Sani – Since Prof. Danen was leaving K-State for Los Alamos Laboratory at the same time I was completing my M. S., we had a farewell dinner. I remembered he advised me to stay in the academic profession and I did that up until 8 years ago when I retired from Universiti Sains Malaysia.

Junaidah – Prof. Sorensen is a very nice person and very patient with his graduate students.  Whatever problems I had then, I was free to discuss with him.  He would listen and went out of his way to help. He is very attentive to his students’ needs.

How has a graduate degree at Kansas State University prepared you for your career?

Sani – The research area on laser-induced reaction was a new area of research then. I was lucky to be in the group with Prof. Setzer, a pioneer in high energy laser.  I was interested in physical organic chemistry and continue to do Ph. D. in this area at the University of Manchester.  However, due to lack of equipment and support, I ended up in building an academic career in environmental pollution analysis and environmental monitoring of organic pollutants, specifically persistent organic pollutants (POPs).

Junaidah – It was my ambition to be a theoretical physicist.  The research exposure and the coursework I took while at K-State prepared me to pursue my Ph.D. in Computational Physics at University of Salford in the United Kingdom. It also had helped prepare me to teach physics courses at Universiti Sains Malaysia (USM) in Penang. I was a professor in physics at Universiti Sains Malaysia (USM) until 2008 when I took an early retirement to go into business. While at USM, I was active in research for computational condensed matter physics, specifically in the area of electromagnetic wave propagation in ferroelectric materials.

How has having a graduate degree from an international university helped your career?

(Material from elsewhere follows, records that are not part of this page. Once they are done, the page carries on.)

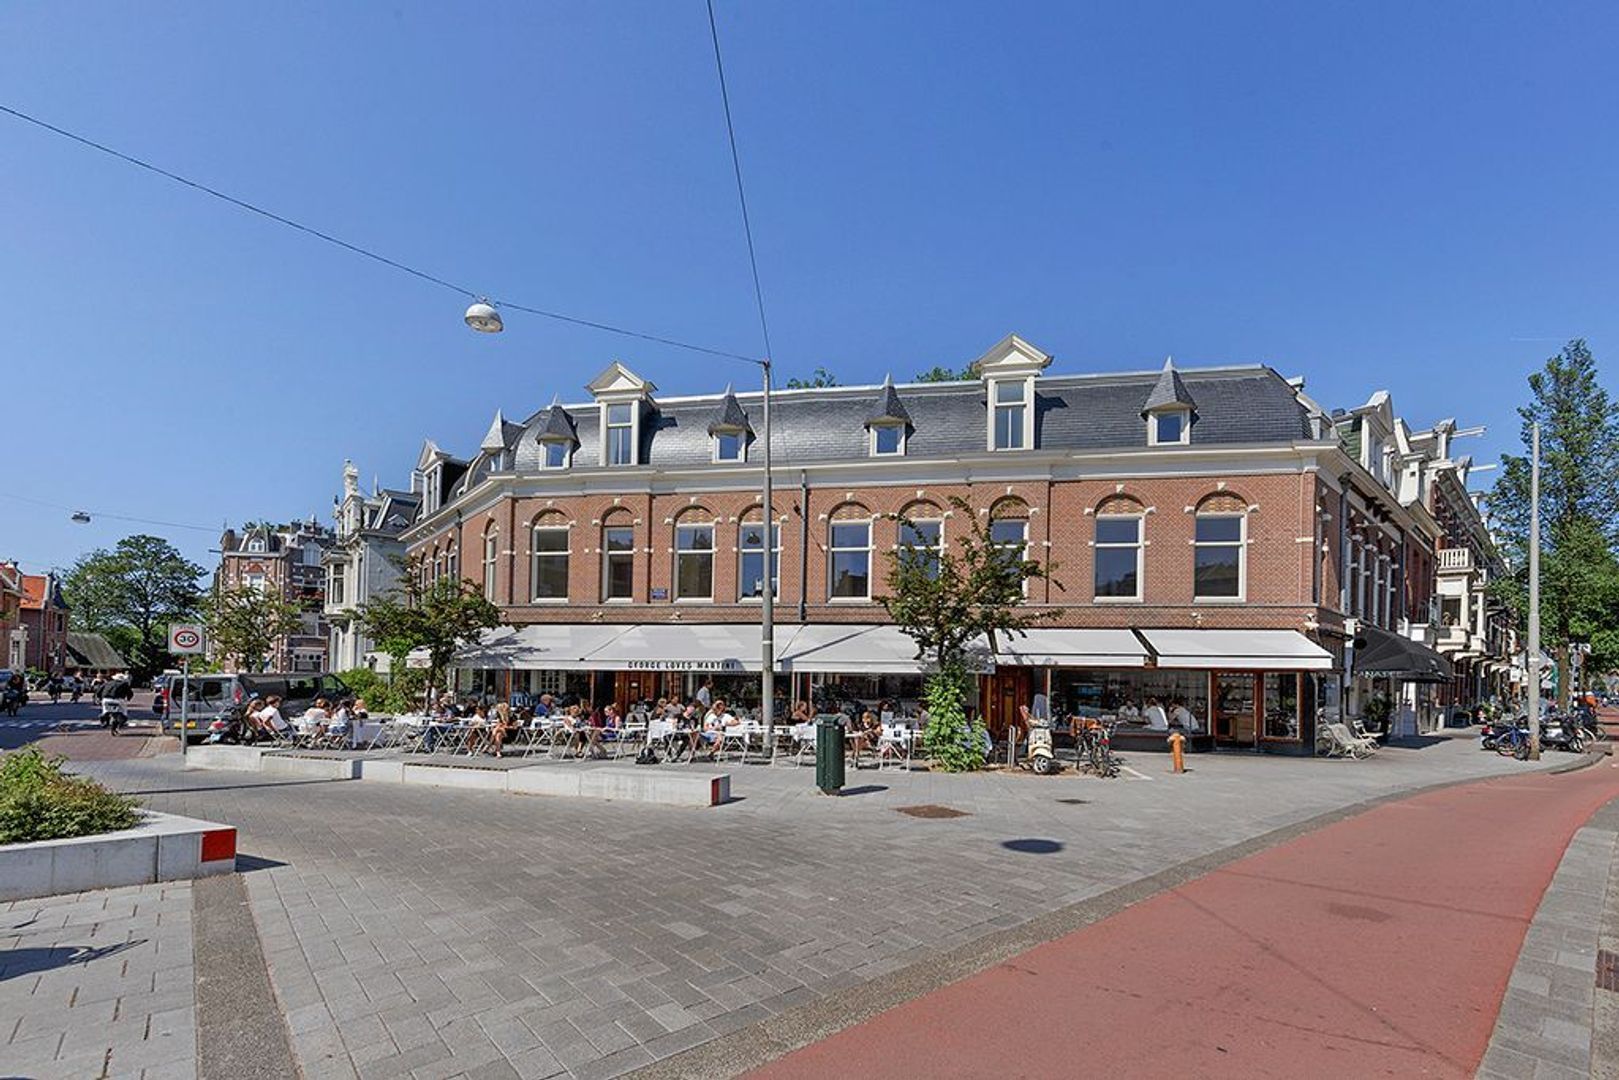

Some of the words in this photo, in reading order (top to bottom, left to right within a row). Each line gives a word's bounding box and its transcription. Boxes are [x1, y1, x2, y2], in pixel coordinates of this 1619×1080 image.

[179, 635, 195, 643] 30
[628, 661, 660, 669] GEORGE
[665, 661, 692, 669] LOVES
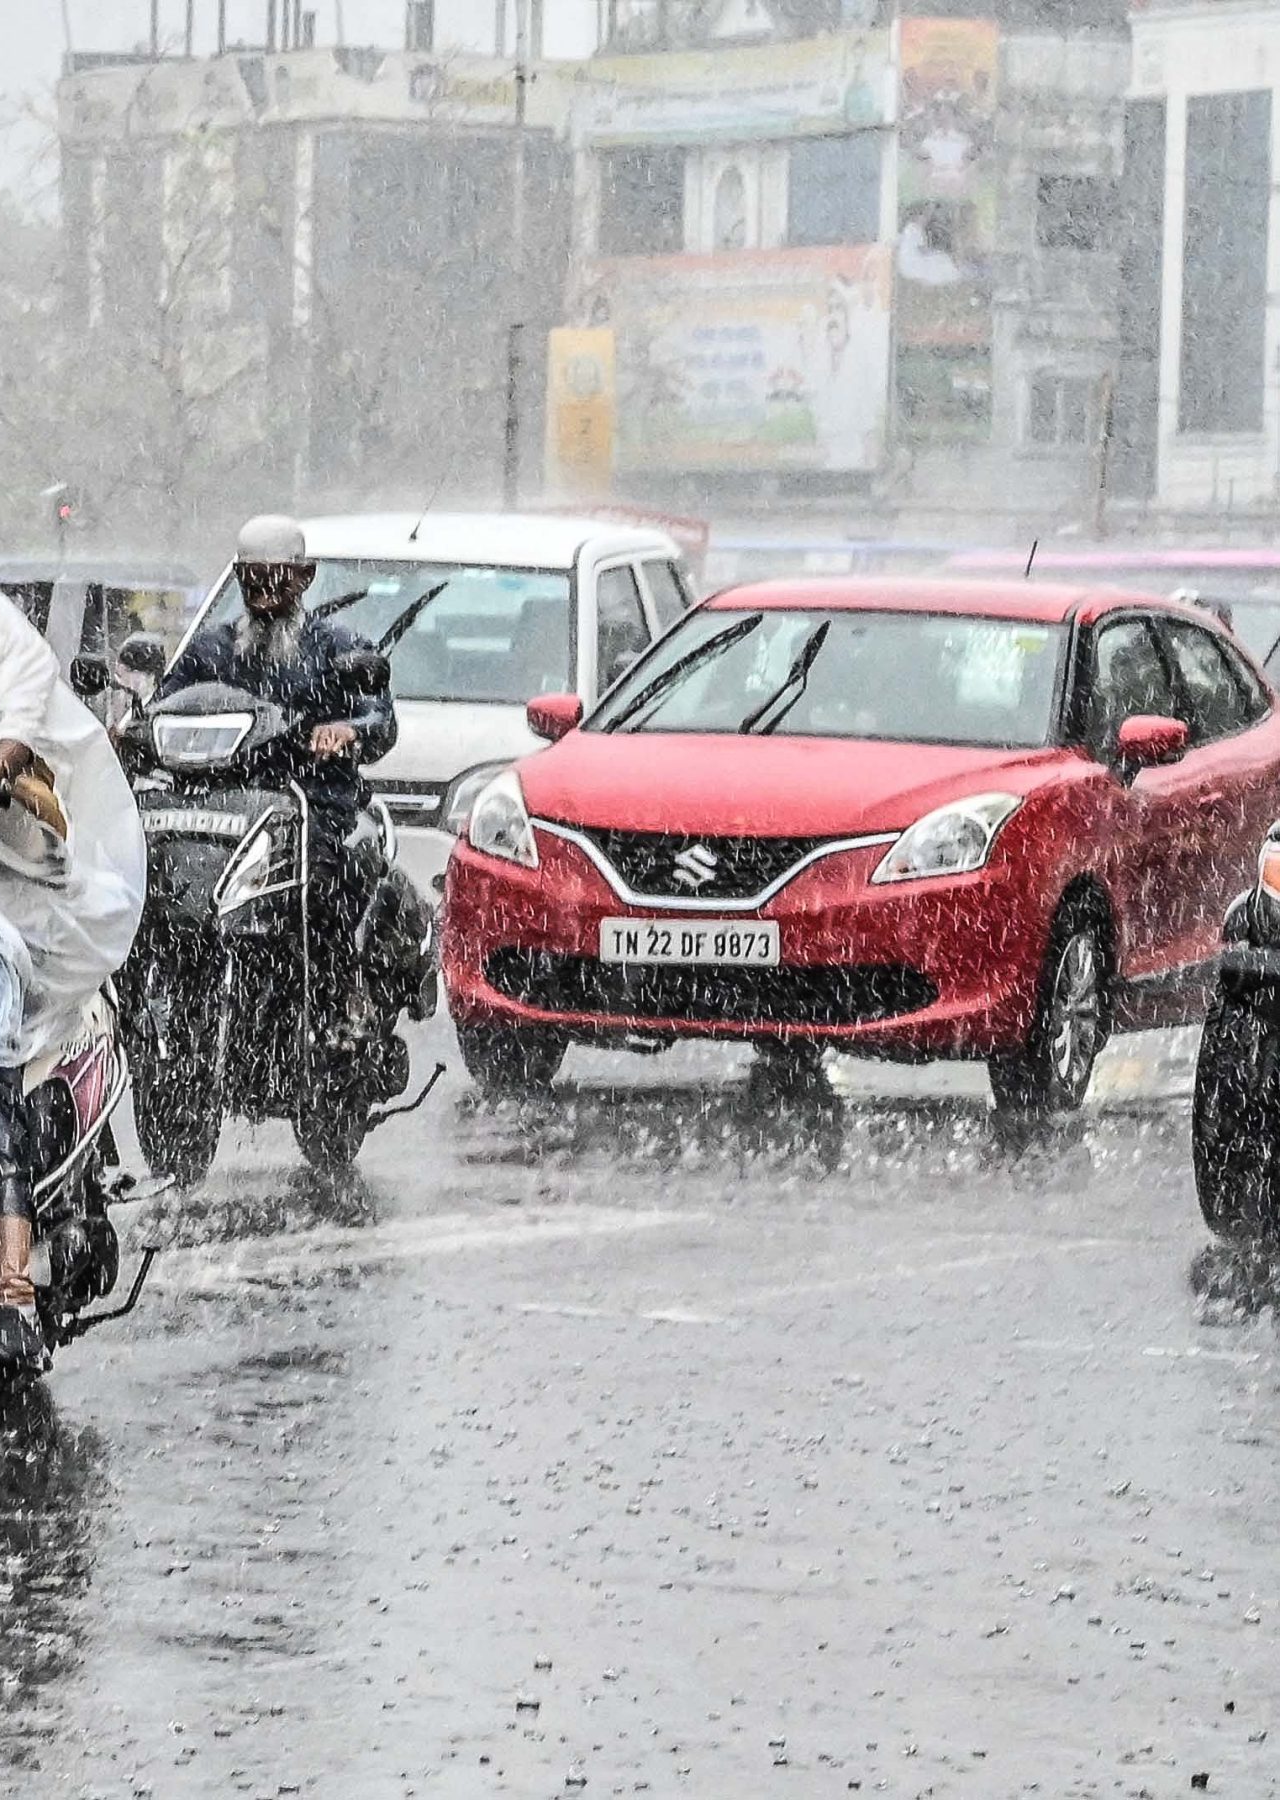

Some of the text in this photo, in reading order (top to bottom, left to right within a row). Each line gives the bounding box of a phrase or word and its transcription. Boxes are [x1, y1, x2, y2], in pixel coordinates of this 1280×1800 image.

[613, 930, 638, 956] TN
[647, 928, 672, 956] 22
[681, 932, 707, 957] DF
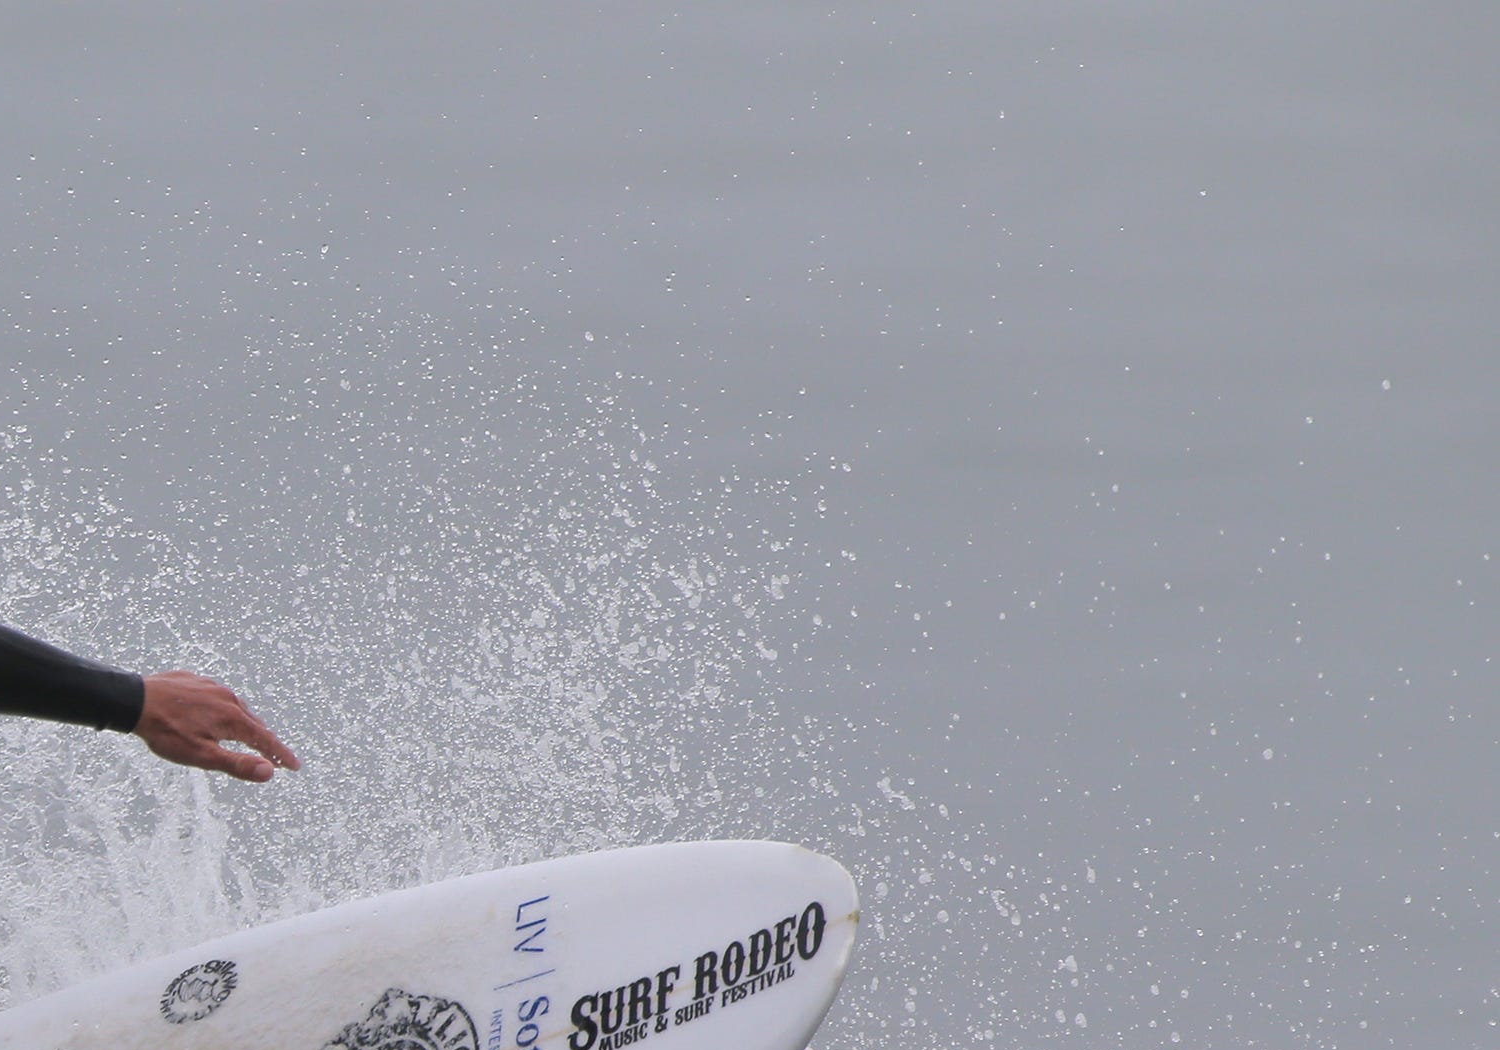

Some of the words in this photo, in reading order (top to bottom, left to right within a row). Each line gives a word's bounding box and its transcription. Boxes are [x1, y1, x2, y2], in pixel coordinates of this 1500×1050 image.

[514, 895, 549, 951] LIV
[692, 901, 827, 1000] RODEO
[654, 1014, 669, 1034] &
[674, 996, 714, 1027] SURF
[721, 962, 796, 1008] FESTIVAL

During the late 70’s, research in Malaysia was not well developed. Most local universities focused on developing curriculum and teaching of science.  There was hardly any research funding until the mid-80’s. Thus it was natural to do graduate studies abroad and several scholarships were made available to qualified candidates. While doing our M.S., we were recruited by University Sains Malaysia when they came to make official visits to several universities in the U.S.

You are now both managing a business together, what made you decide to start your company, SaniChem Resources?

The retirement age then under Malaysian Government employment was at 56 years old. I figured that we would be still too young to stop working.  Thus we took optional retirement which entitled us to a monthly pension when we were 51 years old to have a head-start to a new career. We were doing consultation services for a few companies and planned to start a testing and consultation company upon our retirement.

What have been some business lessons that you have learned along the way?

Dealing with customers is harder that dealing with the same people while we were professors at the university. Any business involved competing with other companies for the same customers. We needed to have a niche to have an upper hand. Having a PhD is a big advantage in the laboratory service business. The title “Dr.” in front of our names projects a feeling of confidence and trust to the customers. In addition, our good and personal services is important but our foremost niche is honesty.

What is it like working as business partners?

Junaidah and I first met when we were undergraduates at DeKalb, Illinois. We got married while studying at KSU during the 1980 summer holidays. We were building our careers together at the same time while raising a family of five children. We agreed to start our business earlier than planned and moved from Penang in the North to Bandar Enstek and just south of Kuala Lumpur. Since the nature of our business are mainly chemistry related, Junaidah started our quality certification program and handle the company finances while I focus on technical development. We fit well in developing the business as we focused on one niche area—- medical device testing. It was eight years ago that we started the business and now we have customers from all over Malaysia and also from several countries from Middle Eastern and Southeast Asian region.